Re: [PATCH 09/16] KVM: x86/mmu: Move private vs. shared check above slot validity checks
From: Huang, Kai
Date: Wed Mar 06 2024 - 19:29:26 EST
On 7/03/2024 12:49 pm, Sean Christopherson wrote:
On Thu, Mar 07, 2024, Kai Huang wrote:
On 6/03/2024 3:02 pm, Sean Christopherson wrote:
On Wed, Mar 06, 2024, Kai Huang wrote:
On 6/03/2024 1:38 pm, Sean Christopherson wrote:
On Wed, Mar 06, 2024, Kai Huang wrote:
On 28/02/2024 3:41 pm, Sean Christopherson wrote:
Prioritize private vs. shared gfn attribute checks above slot validity
checks to ensure a consistent userspace ABI. E.g. as is, KVM will exit to
userspace if there is no memslot, but emulate accesses to the APIC access
page even if the attributes mismatch.
IMHO, it would be helpful to explicitly say that, in the later case (emulate
APIC access page) we still want to report MEMORY_FAULT error first (so that
userspace can have chance to fixup, IIUC) instead of emulating directly,
which will unlikely work.
Hmm, it's not so much that emulating directly won't work, it's that KVM would be
violating its ABI. Emulating APIC accesses after userspace converted the APIC
gfn to private would still work (I think), but KVM's ABI is that emulated MMIO
is shared-only.
But for (at least) TDX guest I recall we _CAN_ allow guest's MMIO to be
mapped as private, right?
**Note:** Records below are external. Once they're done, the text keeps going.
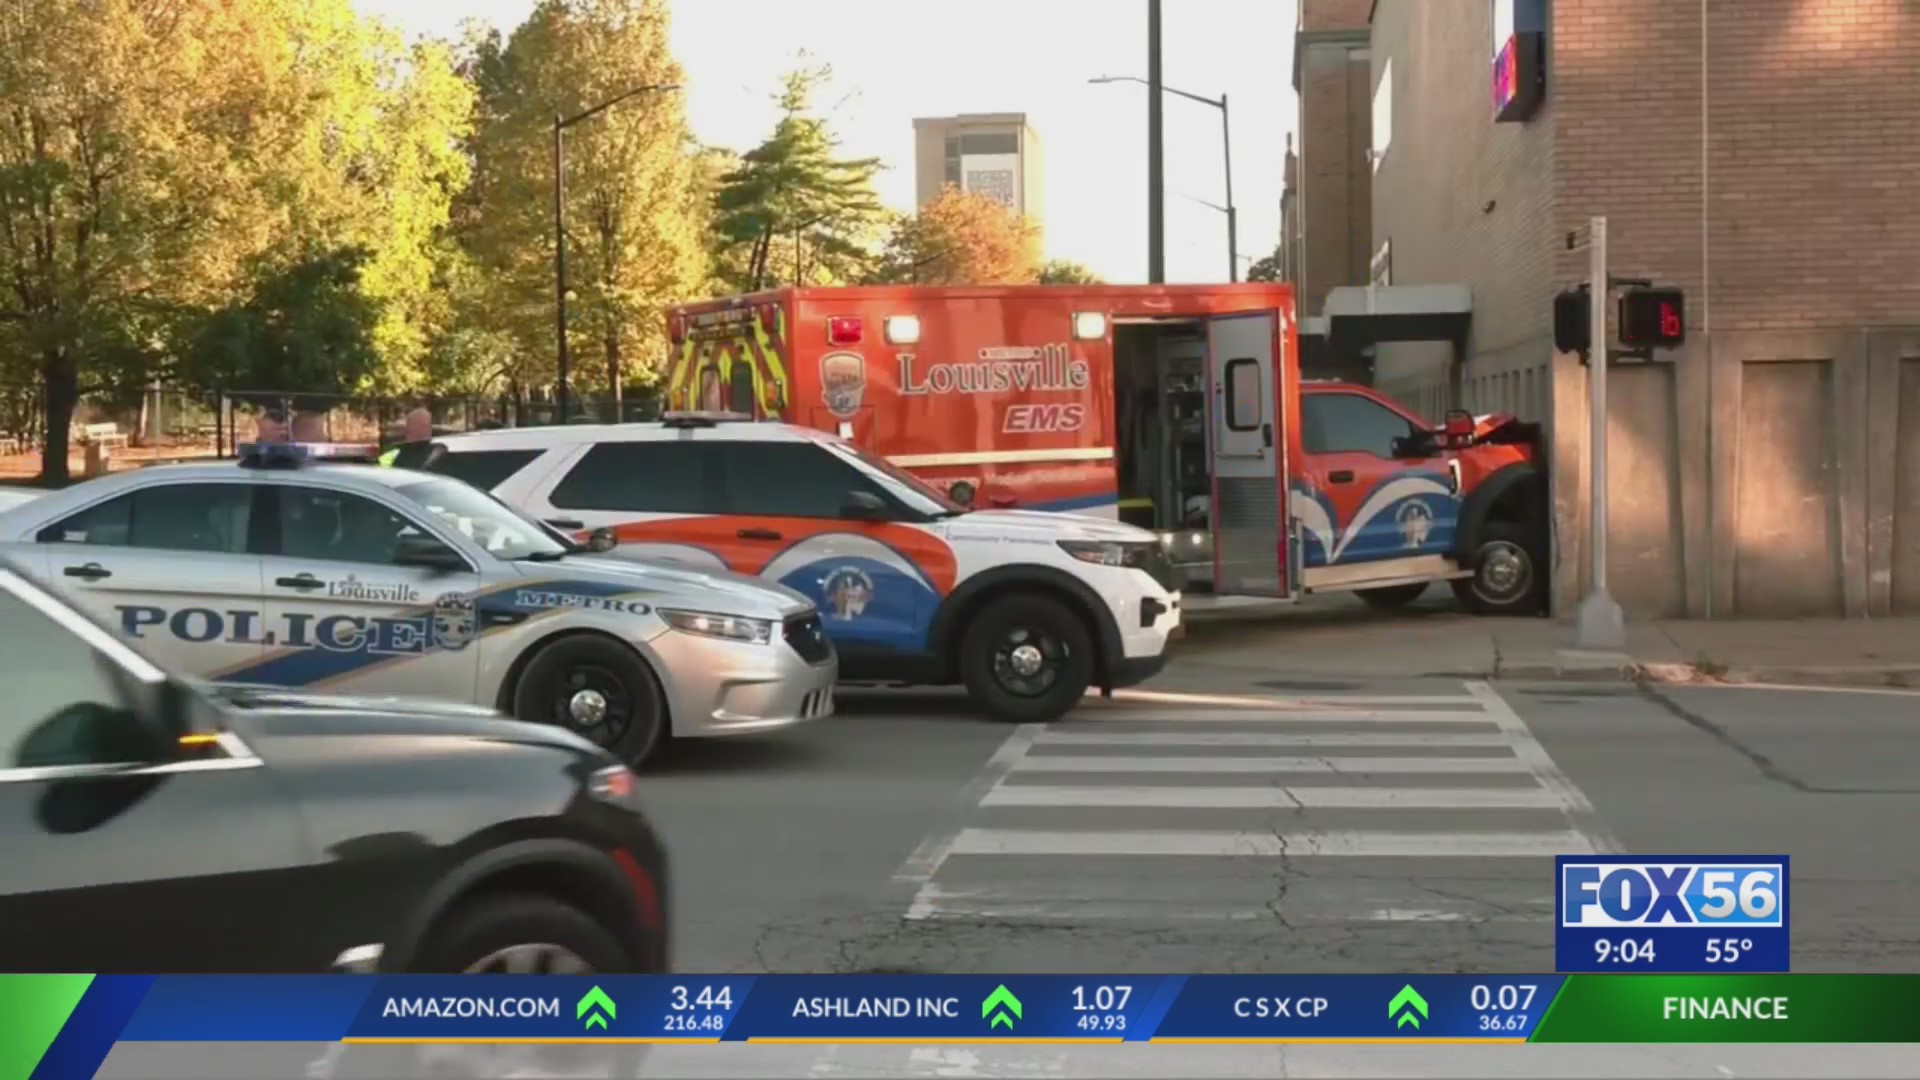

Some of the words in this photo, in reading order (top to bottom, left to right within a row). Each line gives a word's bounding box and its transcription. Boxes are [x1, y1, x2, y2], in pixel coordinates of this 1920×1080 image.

[897, 343, 1089, 394] Louisville
[1003, 404, 1085, 433] EMS
[328, 581, 419, 601] Louisville
[515, 590, 652, 616] METRO
[116, 605, 428, 654] POLICE
The guest is supposed to get a #VE anyway?
Not really. KVM can't _map_ emulated MMIO as private memory, because S-EPT
entries can only point at convertible memory.
Right. I was talking about the MMIO mapping in the guest, which can be
private I suppose.
KVM _could_ emulate in response to a !PRESENT EPT violation, but KVM is not
going to do that.
https://lore.kernel.org/all/ZcUO5sFEAIH68JIA@xxxxxxxxxx
Right agreed KVM shouldn't "emulate" !PRESENT fault.
One clarification. KVM *does* emulate !PRESENT faults. And that's not optional,
as caching MMIO info in SPTEs is purely an optimization and isn't possible on all
CPUs, e.g. AMD CPUs with MAXPHYADDR=52 don't have reserved bits to set.
Sorry I forgot to add "private".
My point above was specifically about emulating *private* !PRESENT faults as MMIO.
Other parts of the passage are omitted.